Data in this exercise START
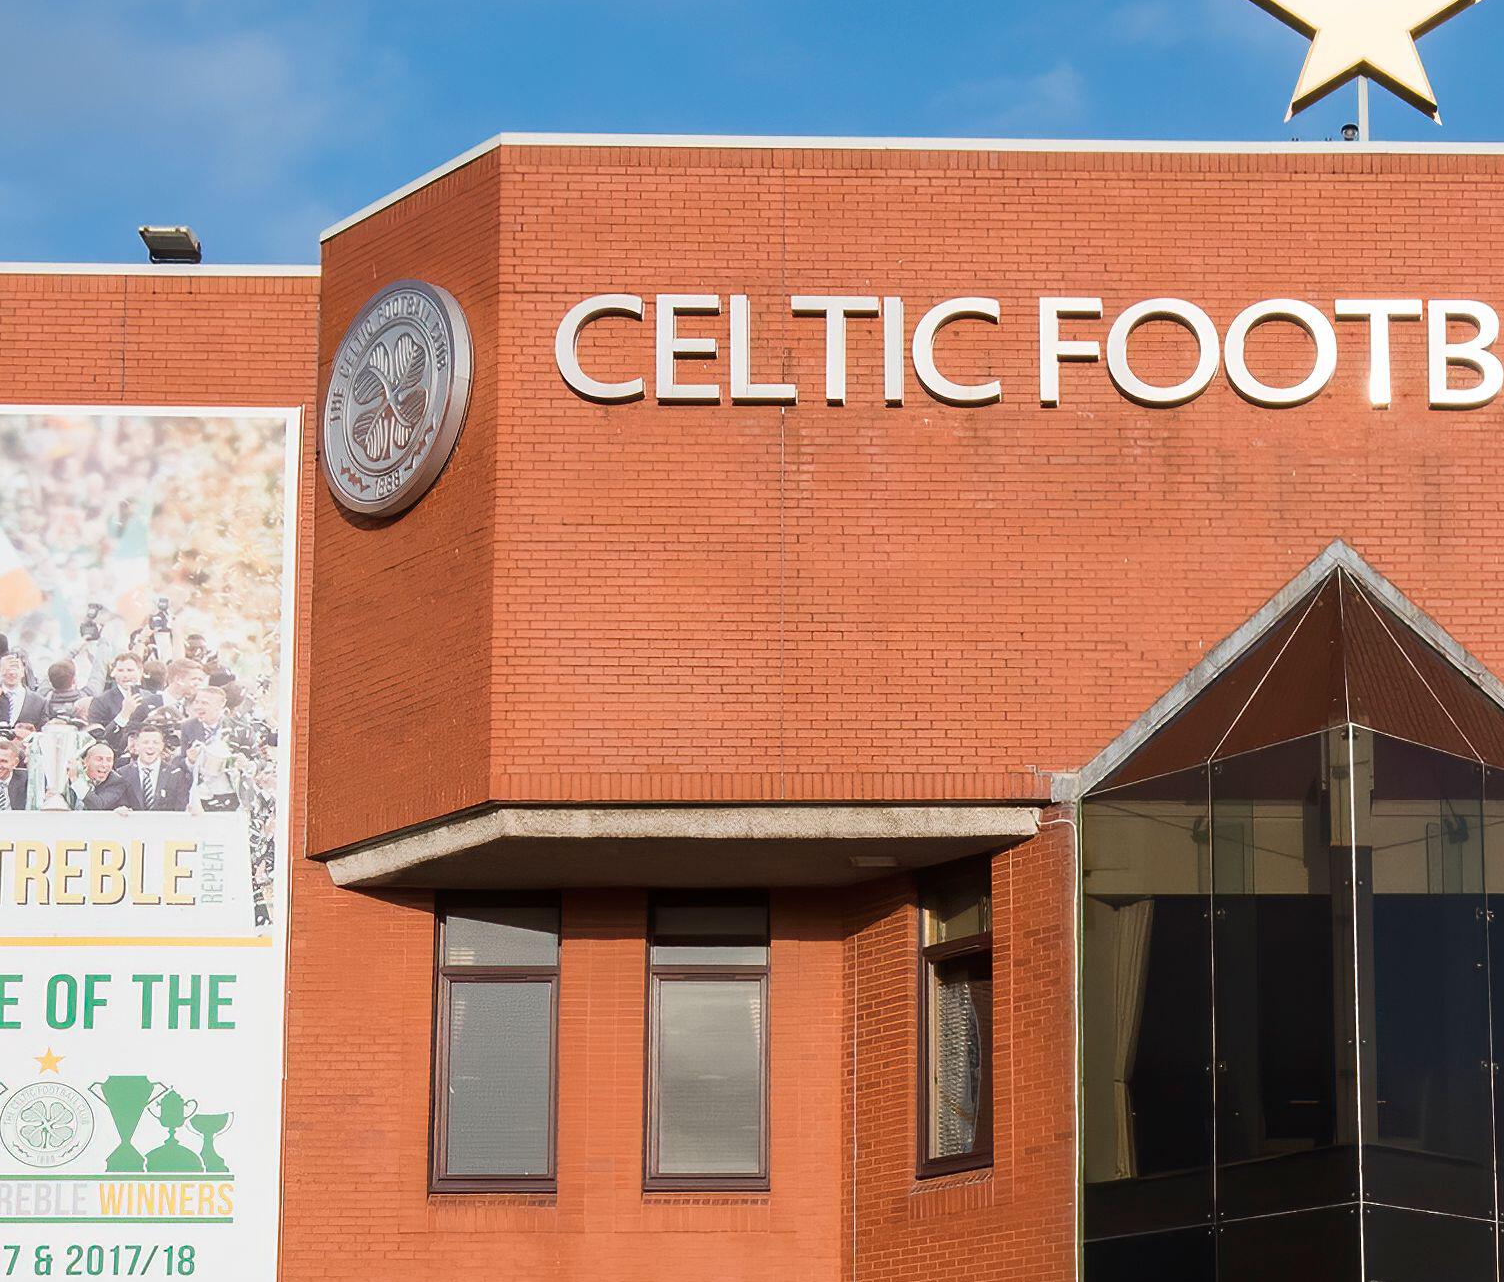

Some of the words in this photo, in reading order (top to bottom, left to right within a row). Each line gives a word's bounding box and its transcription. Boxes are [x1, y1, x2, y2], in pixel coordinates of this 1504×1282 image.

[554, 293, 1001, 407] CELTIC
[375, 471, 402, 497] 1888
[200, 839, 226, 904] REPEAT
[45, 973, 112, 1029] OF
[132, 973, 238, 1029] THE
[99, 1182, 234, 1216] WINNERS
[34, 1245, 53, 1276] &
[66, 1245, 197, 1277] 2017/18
Data in this exercise END
• _Task requirements_: In the answer, the entries should be restated verbatim, with all pictures omitted.

• _Result below_:
Some of the words in this photo, in reading order (top to bottom, left to right within a row). Each line gives a word's bounding box and its transcription. Boxes are [x1, y1, x2, y2], in pixel coordinates of this 1504×1282 image.

[554, 293, 1001, 407] CELTIC
[375, 471, 402, 497] 1888
[200, 839, 226, 904] REPEAT
[45, 973, 112, 1029] OF
[132, 973, 238, 1029] THE
[99, 1182, 234, 1216] WINNERS
[34, 1245, 53, 1276] &
[66, 1245, 197, 1277] 2017/18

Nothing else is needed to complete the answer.